Theodore Roethke (1908-1963)

"I think of myself as a poet of love, a poet of praise, and I wish to be read aloud." [1]

Theodore Roethke was born May 25, 1908 in Saginaw, Ohio. His father and his father's brother owned a large nursery business that included 250,000 square feet of greenhouses. [2] Roethke wrote that the greenhouses were "...my symbol for the whole of life, a womb, a heaven-on-earth." [3] Growing up around the nurseries, Roethke began observing nature. He refers to these studies from his childhood in his poetry by sometimes creating anthropomorphic images of nature like the following from Orchids and Root Cellar:

Orchids*:

"Soft luminescent fingers,
Lips neither dead nor alive,
Loose ghostly mouths
Breathing,"

Root Cellar:

"Bulbs broke out of boxes hunting for chinks in the dark...."


Roethke's early life was impressed by tragedy. The nursery business was sold in 1922 after a family feud, then before he turned 15 in 1923, Roethke's uncle shot himself, and his father died of cancer. [4]

Schoolmate and biographer Allan Seager described Roethke as a sensitive boy. [5] Linda Robinson Walker writes that Roethke was an outcast and began drinking in High School. She says he liked to project himself wearing the mask of a "tough talking gangster intimate with criminals." [6]

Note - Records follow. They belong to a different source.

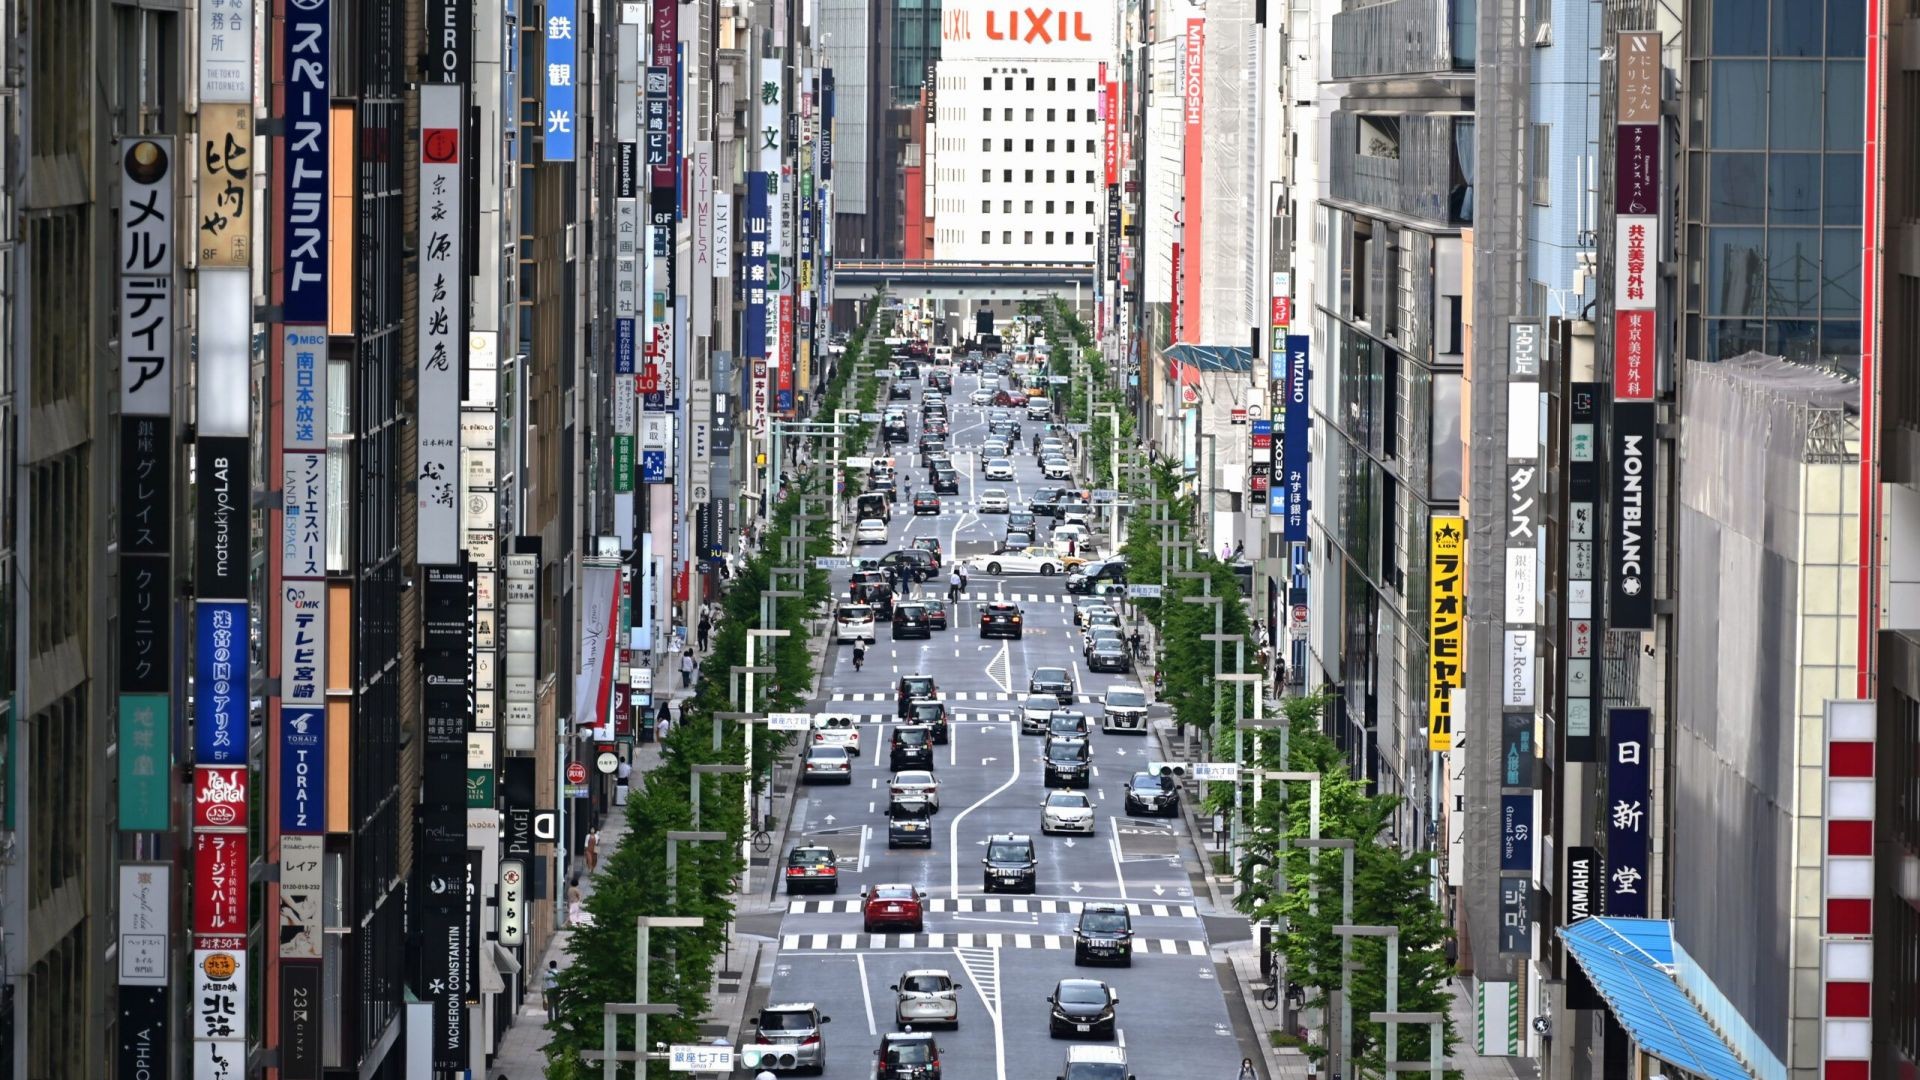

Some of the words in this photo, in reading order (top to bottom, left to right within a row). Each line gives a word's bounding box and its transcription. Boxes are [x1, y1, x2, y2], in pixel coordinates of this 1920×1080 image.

[658, 6, 672, 66] インド料理
[943, 9, 970, 41] LIXIL
[986, 7, 1092, 45] LIXIL
[206, 81, 245, 91] ATTORNEYS
[207, 69, 219, 79] THE
[219, 69, 240, 79] TOKYO
[548, 16, 571, 133] 鉄観光
[1188, 25, 1201, 124] MITSUKOSHI
[1627, 56, 1637, 119] クリニック
[1641, 56, 1651, 110] にしたん
[236, 108, 246, 130] 銀座
[650, 102, 663, 162] 岩崎ビル
[761, 81, 780, 195] 教文館
[822, 129, 830, 164] ALBION
[290, 23, 325, 292] スペーストラスト
[621, 144, 631, 197] Manneken
[1634, 128, 1643, 178] エクスパンス
[201, 133, 248, 236] 比内や
[1634, 182, 1642, 197] スパ
[655, 213, 672, 223] 6F
[717, 204, 727, 268] TASAKI
[782, 193, 790, 247] 日本香堂ビル
[202, 249, 217, 260] 8F
[233, 238, 244, 260] 本店
[751, 218, 764, 304] 山野楽器
[1628, 225, 1645, 300] 共立美容外科
[126, 190, 166, 394] メルディア
[1275, 297, 1286, 320] まつげ
[300, 335, 325, 345] MBC
[1628, 314, 1641, 395] 東京美容外科
[296, 351, 314, 441] 南日本放送
[1293, 351, 1305, 403] MIZUHO
[755, 381, 765, 436] キムラヤのパン
[136, 421, 154, 545] 銀座グレイス
[285, 469, 296, 505] LAND
[1275, 438, 1283, 481] GEOX
[214, 456, 235, 577] matsukiyoLAB
[304, 455, 318, 573] ランドエスパース
[1290, 471, 1302, 526] みずほ銀行
[1510, 467, 1536, 539] ダンス
[1622, 435, 1643, 575] MONTBLANC
[286, 516, 297, 560] ESPACE
[295, 600, 319, 609] UMK
[1515, 555, 1527, 616] 銀座リセラ
[136, 569, 153, 679] クリニック
[1433, 554, 1458, 734] ライオンビヤホール
[212, 610, 231, 746] 迷宮の国のアリス
[292, 614, 314, 698] テレビ宮崎
[1513, 634, 1527, 703] Dr.Recella
[214, 751, 229, 760] 5F
[296, 751, 307, 827] TORAIZ
[509, 805, 530, 854] PIAGET
[1506, 806, 1515, 832] Grand
[1613, 741, 1644, 894] 日新堂
[286, 861, 317, 872] レイア
[1506, 834, 1515, 860] Seiko
[212, 837, 225, 928] ラージマハール
[1572, 859, 1589, 920] YAMAHA
[506, 892, 517, 937] とらや
[1505, 891, 1518, 949] シロー
[200, 937, 242, 949] 創業50年
[448, 926, 460, 989] CONSTANTIN
[202, 994, 236, 1037] 北海
[448, 990, 460, 1050] VACHERON
[675, 1053, 730, 1063] 銀座七丁目

Roethke earned a B.A. and M.A. from the University of Michigan. He spent time at a law school and Harvard University. [7]

After being released from a hospital in the spring of 1936, Roethke returned to Saginaw to recuperate after a mental breakdown he suffered the previous fall. It was the first of several he would experience during his life. [8]

Theodore Roethke's teaching assignments included Pennsylvania State University and Lafayette College. [9] In a 1949 interview, he said his objective in teaching poetry was "help[ing] a student recover the creative instinct lost sometime in childhood." [10]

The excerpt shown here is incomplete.